Now, I've been eating the bacon at CB for decades. It's an integral part of my favorite “Old Timer's” breakfast. And I've probably seen the signs proclaiming that the bacon is available for in-store purchase in two-pound packages hundreds of times. But only recently did I actually pay attention to those signs.

I was out of Benton's bacon and Sunday morning was coming up. That's the day I totally abandon my Italian roots and pig out – excuse the pun – by cooking my family and friends a huge American-style breakfast. It's about the only non-Italian meal that I really enjoy cooking and eating. And bacon, of course, is the star. For years, my backup bacon had come from my local butcher who has a special purchase arrangement with Farmland Foods. I used it both at home and in my restaurant kitchen. But lately, that bacon wasn't up to par. I was returning pounds of the stuff that looked like it had been cut with a dull chainsaw. The taste was still okay, but otherwise the overall quality was just lacking. I tried a few national and regional brands from the supermarket with “meh” results. So when I saw the sign at Cracker Barrel one Friday evening, I thought, “Why not? Let's give it a try.” And, boy, am I glad I did!

This is good stuff, folks. It's not handcrafted artisan to-die-for good like Benton's, but for a commercially produced product, it's hard to beat. The first thing I noticed is the uniformity of the cut. This is a big deal because it means all the slices will cook up evenly. It's a nice medium thickness; not so thick you feel like you're munching on a thin pork chop nor so thin as to resemble bacon-flavored tissue paper. All the slices are of a standard length and they stay that way throughout the cooking process. There's not a lot of shrinkage, indicating that minimal water was injected in the curing. At the same time, there's not a great deal of fat rendered off, either. For example, I had to cook some up in the microwave the other day. This is my absolute least favorite way to cook bacon, but it's the best way to get it super crisp super fast if you want to crumble it over a baked potato, which is what I was doing. Normally, bacon cooked in the microwave makes a gawdawful greasy mess. But I was pleasantly surprised that that was not the case here. Very little grease to clean up. This means there's a good lean-to-fat ratio. Best of all, this is bacon that tastes like bacon. It's got a great balanced porky, salty, hardwood smoky flavor. And it's not terribly expensive. As I write this, Cracker Barrel's bacon, when purchased at a local restaurant, is priced about the same as the premium brands you find at the grocery store. And it's worth every penny.

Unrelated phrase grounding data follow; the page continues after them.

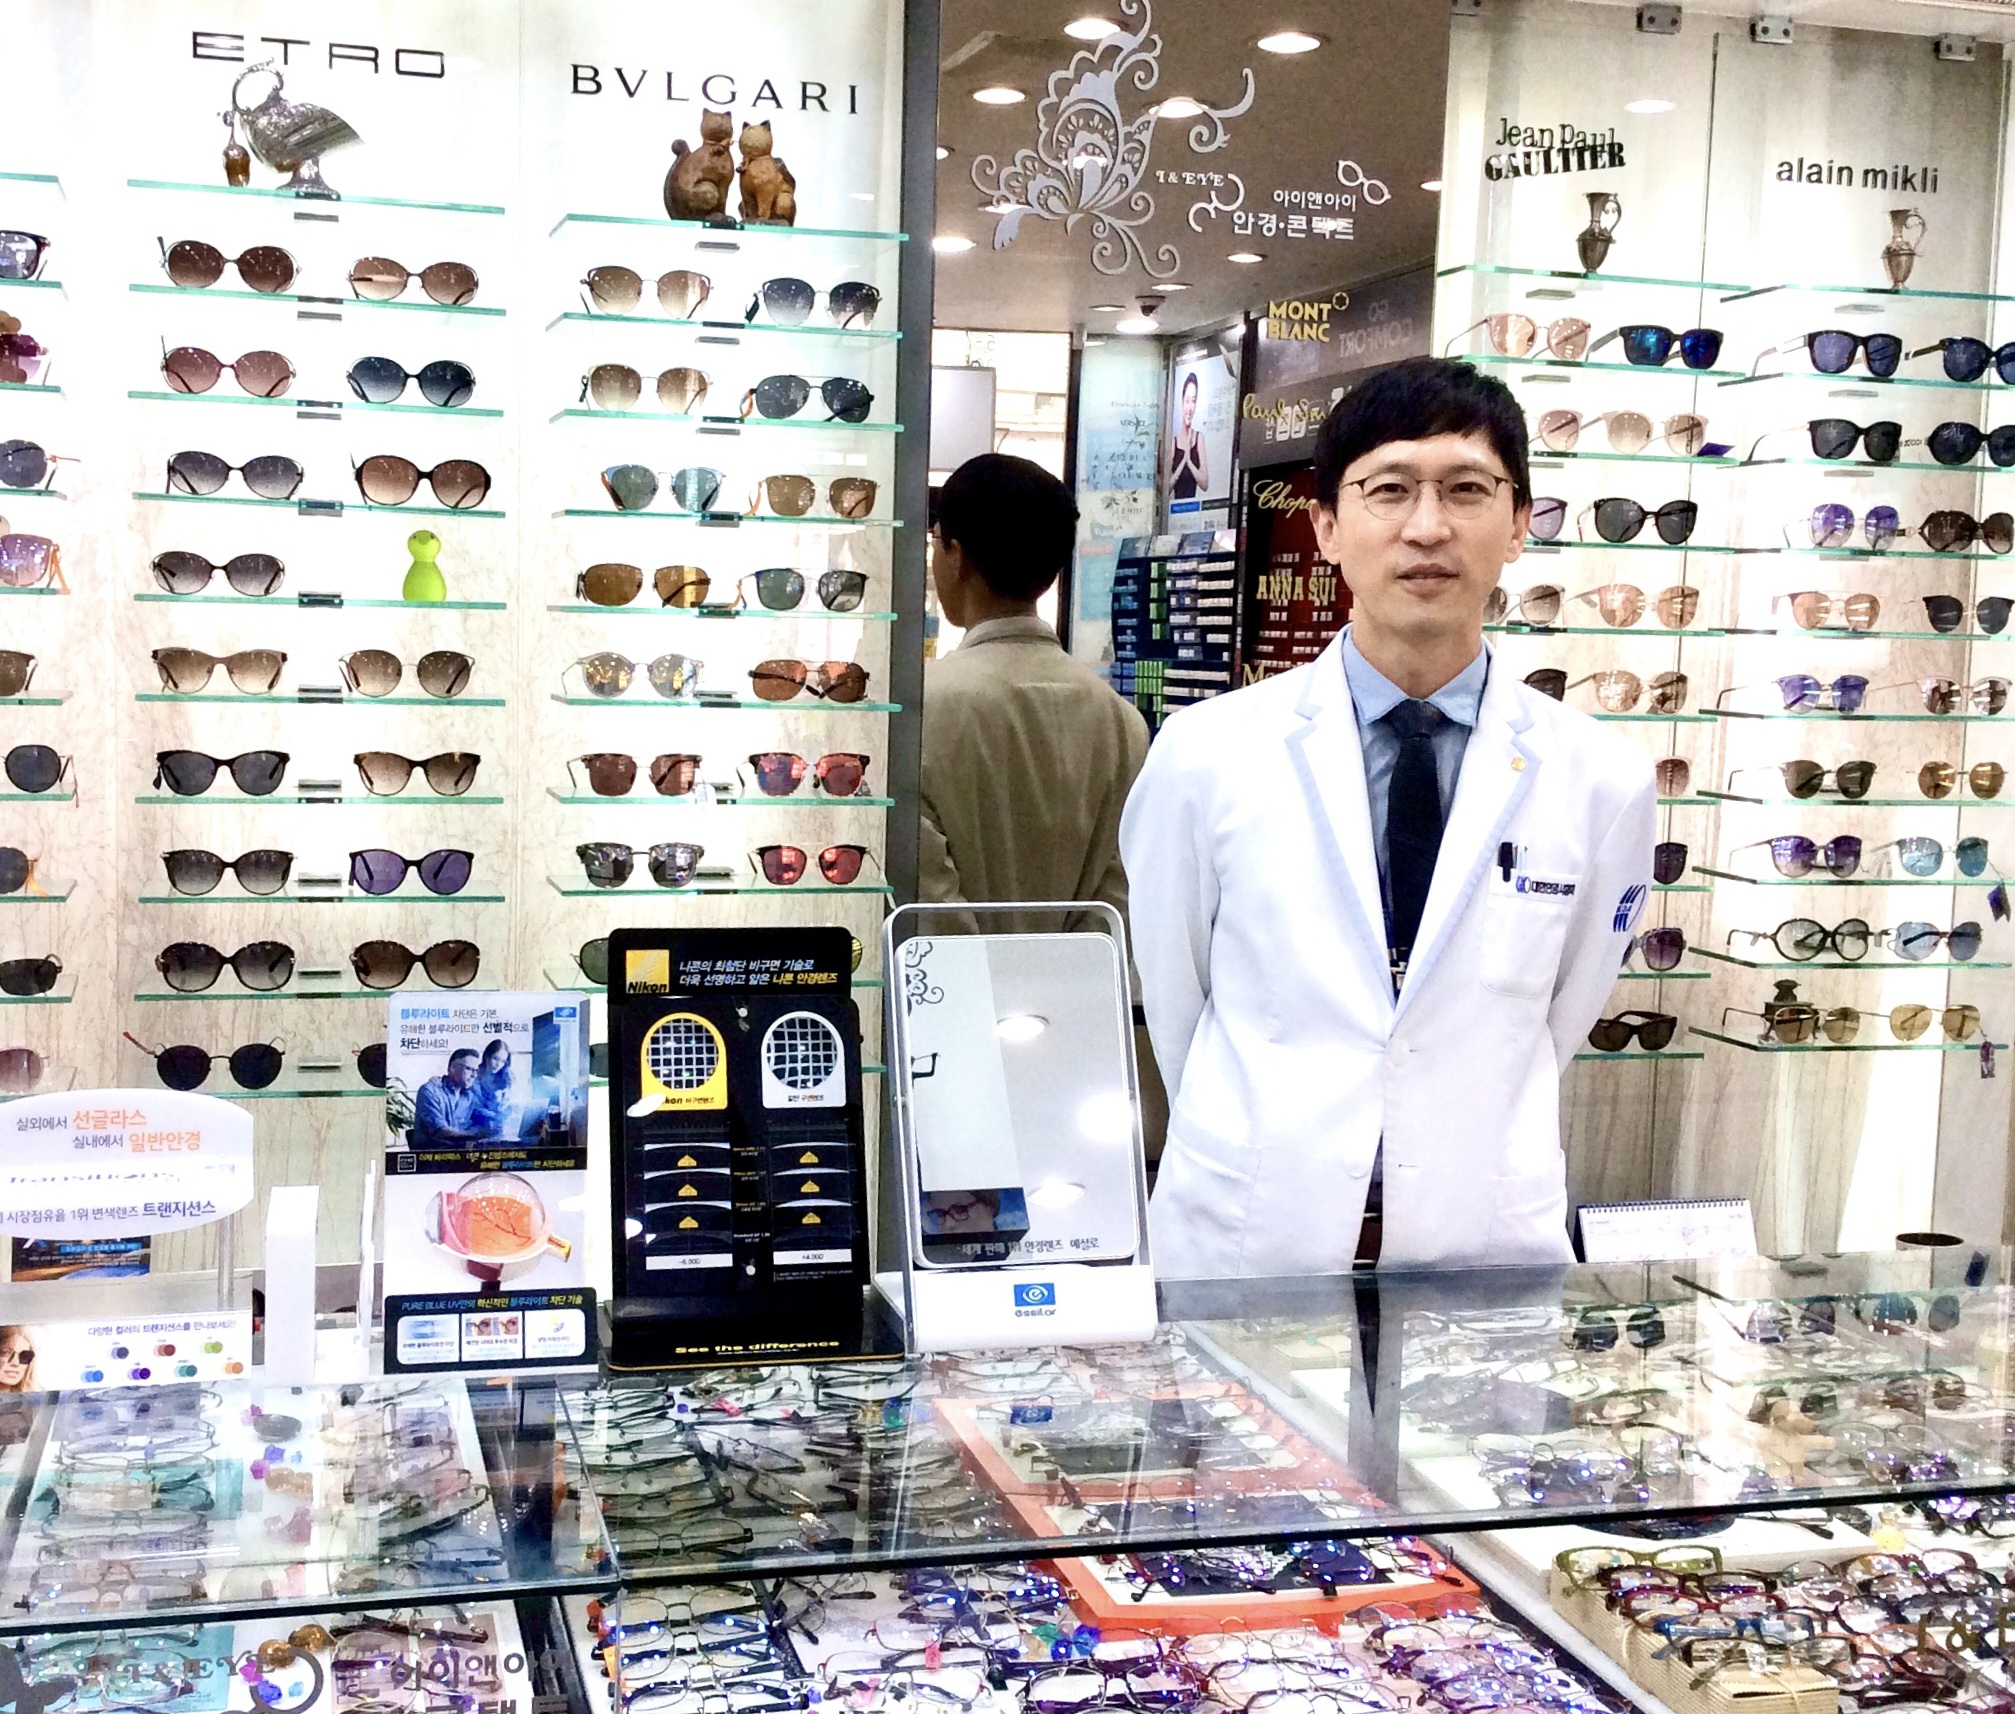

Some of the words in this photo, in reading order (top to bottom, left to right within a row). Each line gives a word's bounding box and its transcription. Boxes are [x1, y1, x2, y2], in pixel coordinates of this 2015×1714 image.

[191, 30, 445, 78] ETRO
[570, 63, 858, 115] BVLGARI
[1496, 117, 1554, 148] Jean
[1559, 123, 1615, 152] Paul
[1485, 142, 1626, 182] GAULTIER
[1156, 171, 1165, 183] I
[1167, 173, 1178, 183] &
[1182, 172, 1225, 187] EYE
[1775, 157, 1854, 187] alain
[1861, 163, 1939, 194] mikli
[1273, 189, 1357, 212] 아이앤아이
[1268, 300, 1331, 322] MONT
[1267, 321, 1331, 342] BLANC
[1253, 479, 1312, 518] Chopa
[1256, 575, 1304, 600] ANNA
[1307, 576, 1337, 602] SUI
[679, 960, 713, 972] 니콘의
[748, 959, 780, 972] 비구면
[783, 959, 815, 971] 기술로
[627, 981, 668, 993] Nikon
[703, 973, 747, 986] 선명하고
[772, 972, 795, 985] 니콘
[796, 972, 839, 984] 안경렌즈
[401, 1007, 450, 1020] 블루라이트
[452, 1008, 478, 1019] 차단은
[400, 1037, 449, 1050] 차단하세요!
[16, 1116, 68, 1131] 실외에서
[73, 1110, 148, 1130] 선글라스
[72, 1135, 124, 1150] 실내에서
[128, 1131, 202, 1153] 일반안경
[7, 1208, 66, 1224] 시장점유율
[71, 1208, 90, 1222] 1위
[92, 1206, 139, 1221] 변색렌즈
[142, 1199, 217, 1219] 트랜지션스
[1024, 1239, 1065, 1253] 안경렌즈
[1069, 1237, 1100, 1251] 에실로
[401, 1301, 424, 1311] PURE
[425, 1300, 447, 1310] BLUE
[1014, 1307, 1057, 1318] essilor
[675, 1346, 709, 1354] See
[748, 1341, 840, 1351] difference

Now, Cracker Barrel may bill itself as an “Old Country Store” and it may have a lot of rustic décor and lots of homey products for sale, but one thing's for sure: there ain't anybody out back butchering hogs and makin' bacon. Nope. Thanks to a multi-year licensing agreement, the credit for that goes to John Morrell, a division of Smithfield Foods. And as far as commercially sourced bacon goes, both are pretty reliable names.

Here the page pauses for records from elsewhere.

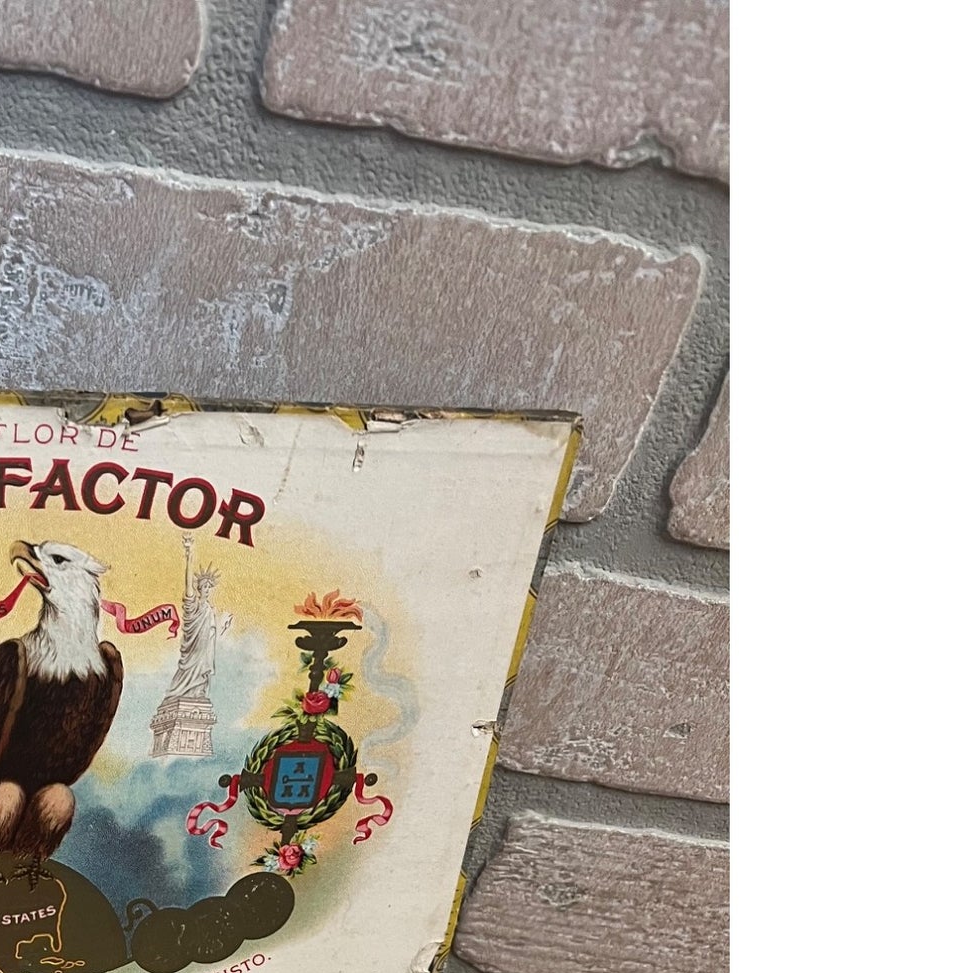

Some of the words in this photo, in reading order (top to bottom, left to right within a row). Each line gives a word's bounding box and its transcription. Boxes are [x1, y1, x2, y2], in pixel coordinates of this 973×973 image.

[96, 428, 141, 452] DE
[132, 608, 172, 633] UNUM
[1, 904, 57, 925] STATES
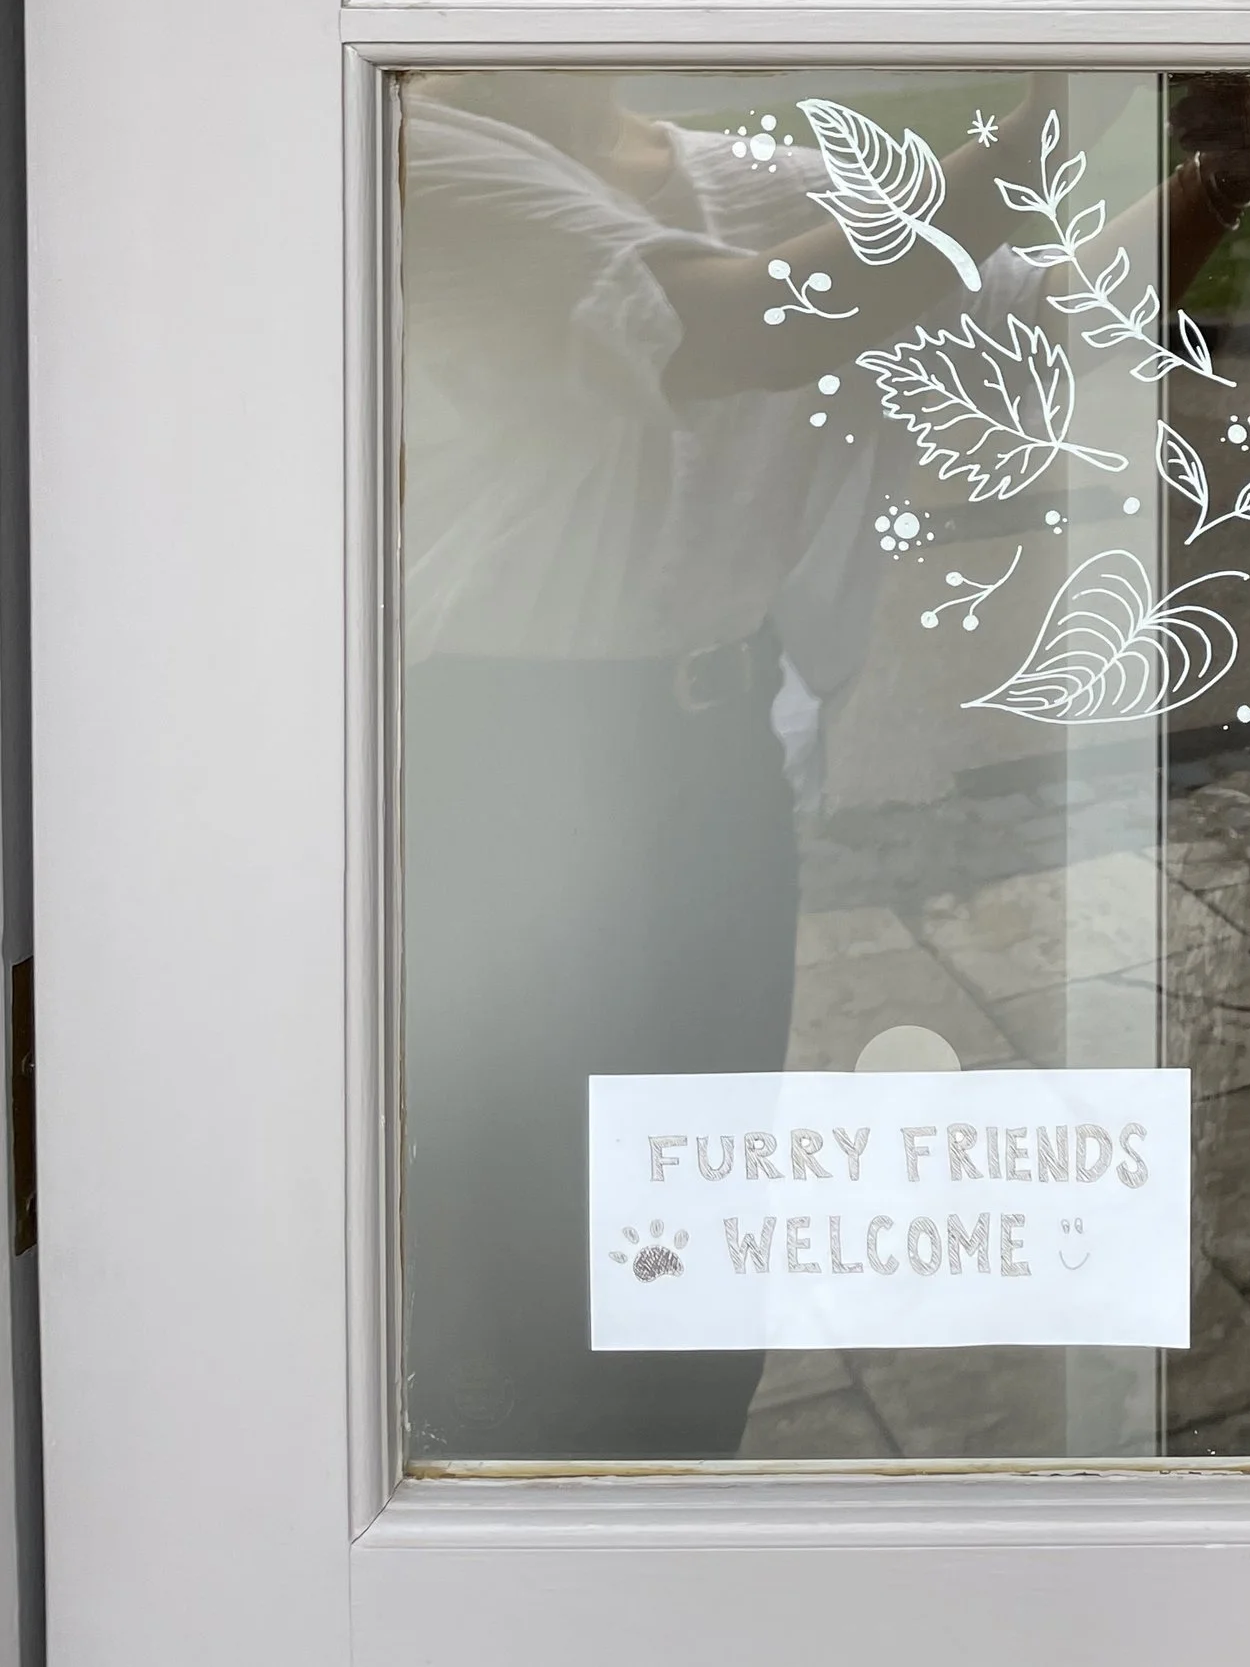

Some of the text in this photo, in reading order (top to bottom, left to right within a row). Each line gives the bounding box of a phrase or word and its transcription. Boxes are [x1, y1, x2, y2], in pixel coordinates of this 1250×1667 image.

[647, 1123, 1150, 1189] FURRY FRIENDS
[722, 1212, 1033, 1277] WELCOME

So here's the deal, Lucille: if you want the best bacon money can buy, you'll still need to find a way to tap into Allan Benton's Tennessee treasure house. Go online, go to Madisonville, or go find a friend who's making a road trip and doesn't mind having the car smell like bacon for possibly hundreds of miles. But if you're looking for an acceptable substitute, skip the supermarket and skip on over to Cracker Barrel. Buy a couple of two-pound packages and make sure to employ my tipsfor saving your bacon after you get it home. It ain't Benton's, but it's good. (I wonder if I could get them to print that on the label. Nah. Probably not.)